## Required work
Reproduce all of the data, making sure that no line differs from the original.

Top of Data for the task

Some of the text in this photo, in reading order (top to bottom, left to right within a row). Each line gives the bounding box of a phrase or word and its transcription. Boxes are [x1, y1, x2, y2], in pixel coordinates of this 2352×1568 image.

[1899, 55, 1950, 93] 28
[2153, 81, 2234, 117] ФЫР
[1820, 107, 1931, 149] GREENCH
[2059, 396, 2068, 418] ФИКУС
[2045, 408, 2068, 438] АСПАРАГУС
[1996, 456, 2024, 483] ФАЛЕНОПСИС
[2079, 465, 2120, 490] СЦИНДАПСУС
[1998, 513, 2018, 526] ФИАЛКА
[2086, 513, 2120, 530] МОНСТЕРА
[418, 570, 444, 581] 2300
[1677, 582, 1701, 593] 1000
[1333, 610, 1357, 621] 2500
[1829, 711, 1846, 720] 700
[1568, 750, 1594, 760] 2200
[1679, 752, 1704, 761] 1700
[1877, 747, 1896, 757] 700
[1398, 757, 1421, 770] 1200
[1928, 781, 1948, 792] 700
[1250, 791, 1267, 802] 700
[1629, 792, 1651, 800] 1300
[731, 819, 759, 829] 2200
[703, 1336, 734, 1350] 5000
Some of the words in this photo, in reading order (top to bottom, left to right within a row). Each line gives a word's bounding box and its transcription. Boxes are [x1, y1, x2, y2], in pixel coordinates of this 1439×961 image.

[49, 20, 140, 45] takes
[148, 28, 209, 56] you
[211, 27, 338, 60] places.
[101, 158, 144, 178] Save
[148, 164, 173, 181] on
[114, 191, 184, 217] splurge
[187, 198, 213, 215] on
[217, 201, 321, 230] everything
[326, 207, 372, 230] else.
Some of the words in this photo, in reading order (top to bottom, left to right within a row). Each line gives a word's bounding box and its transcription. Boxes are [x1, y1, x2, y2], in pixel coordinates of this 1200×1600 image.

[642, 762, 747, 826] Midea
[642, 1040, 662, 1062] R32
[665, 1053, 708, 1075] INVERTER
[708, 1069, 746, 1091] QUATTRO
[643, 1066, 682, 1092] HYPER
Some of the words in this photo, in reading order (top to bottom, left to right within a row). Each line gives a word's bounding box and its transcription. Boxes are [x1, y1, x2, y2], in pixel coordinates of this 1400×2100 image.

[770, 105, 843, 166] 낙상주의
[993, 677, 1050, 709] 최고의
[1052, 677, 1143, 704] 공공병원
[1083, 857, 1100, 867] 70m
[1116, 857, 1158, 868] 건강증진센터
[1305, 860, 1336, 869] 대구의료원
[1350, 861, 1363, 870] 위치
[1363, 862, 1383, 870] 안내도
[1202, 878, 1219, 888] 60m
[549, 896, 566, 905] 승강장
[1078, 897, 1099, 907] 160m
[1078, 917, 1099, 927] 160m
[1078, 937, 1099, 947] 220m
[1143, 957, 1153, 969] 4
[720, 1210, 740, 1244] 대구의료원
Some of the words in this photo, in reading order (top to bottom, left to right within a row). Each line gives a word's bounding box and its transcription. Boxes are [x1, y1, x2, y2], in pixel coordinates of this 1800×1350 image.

Bottom of Data for the task

## Solution for this exercise
Some of the text in this photo, in reading order (top to bottom, left to right within a row). Each line gives the bounding box of a phrase or word and its transcription. Boxes are [x1, y1, x2, y2], in pixel coordinates of this 2352×1568 image.

[1899, 55, 1950, 93] 28
[2153, 81, 2234, 117] ФЫР
[1820, 107, 1931, 149] GREENCH
[2059, 396, 2068, 418] ФИКУС
[2045, 408, 2068, 438] АСПАРАГУС
[1996, 456, 2024, 483] ФАЛЕНОПСИС
[2079, 465, 2120, 490] СЦИНДАПСУС
[1998, 513, 2018, 526] ФИАЛКА
[2086, 513, 2120, 530] МОНСТЕРА
[418, 570, 444, 581] 2300
[1677, 582, 1701, 593] 1000
[1333, 610, 1357, 621] 2500
[1829, 711, 1846, 720] 700
[1568, 750, 1594, 760] 2200
[1679, 752, 1704, 761] 1700
[1877, 747, 1896, 757] 700
[1398, 757, 1421, 770] 1200
[1928, 781, 1948, 792] 700
[1250, 791, 1267, 802] 700
[1629, 792, 1651, 800] 1300
[731, 819, 759, 829] 2200
[703, 1336, 734, 1350] 5000
Some of the words in this photo, in reading order (top to bottom, left to right within a row). Each line gives a word's bounding box and its transcription. Boxes are [x1, y1, x2, y2], in pixel coordinates of this 1439×961 image.

[49, 20, 140, 45] takes
[148, 28, 209, 56] you
[211, 27, 338, 60] places.
[101, 158, 144, 178] Save
[148, 164, 173, 181] on
[114, 191, 184, 217] splurge
[187, 198, 213, 215] on
[217, 201, 321, 230] everything
[326, 207, 372, 230] else.
Some of the words in this photo, in reading order (top to bottom, left to right within a row). Each line gives a word's bounding box and its transcription. Boxes are [x1, y1, x2, y2], in pixel coordinates of this 1200×1600 image.

[642, 762, 747, 826] Midea
[642, 1040, 662, 1062] R32
[665, 1053, 708, 1075] INVERTER
[708, 1069, 746, 1091] QUATTRO
[643, 1066, 682, 1092] HYPER
Some of the words in this photo, in reading order (top to bottom, left to right within a row). Each line gives a word's bounding box and its transcription. Boxes are [x1, y1, x2, y2], in pixel coordinates of this 1400×2100 image.

[770, 105, 843, 166] 낙상주의
[993, 677, 1050, 709] 최고의
[1052, 677, 1143, 704] 공공병원
[1083, 857, 1100, 867] 70m
[1116, 857, 1158, 868] 건강증진센터
[1305, 860, 1336, 869] 대구의료원
[1350, 861, 1363, 870] 위치
[1363, 862, 1383, 870] 안내도
[1202, 878, 1219, 888] 60m
[549, 896, 566, 905] 승강장
[1078, 897, 1099, 907] 160m
[1078, 917, 1099, 927] 160m
[1078, 937, 1099, 947] 220m
[1143, 957, 1153, 969] 4
[720, 1210, 740, 1244] 대구의료원
Some of the words in this photo, in reading order (top to bottom, left to right within a row). Each line gives a word's bounding box and its transcription. Boxes are [x1, y1, x2, y2], in pixel coordinates of this 1800×1350 image.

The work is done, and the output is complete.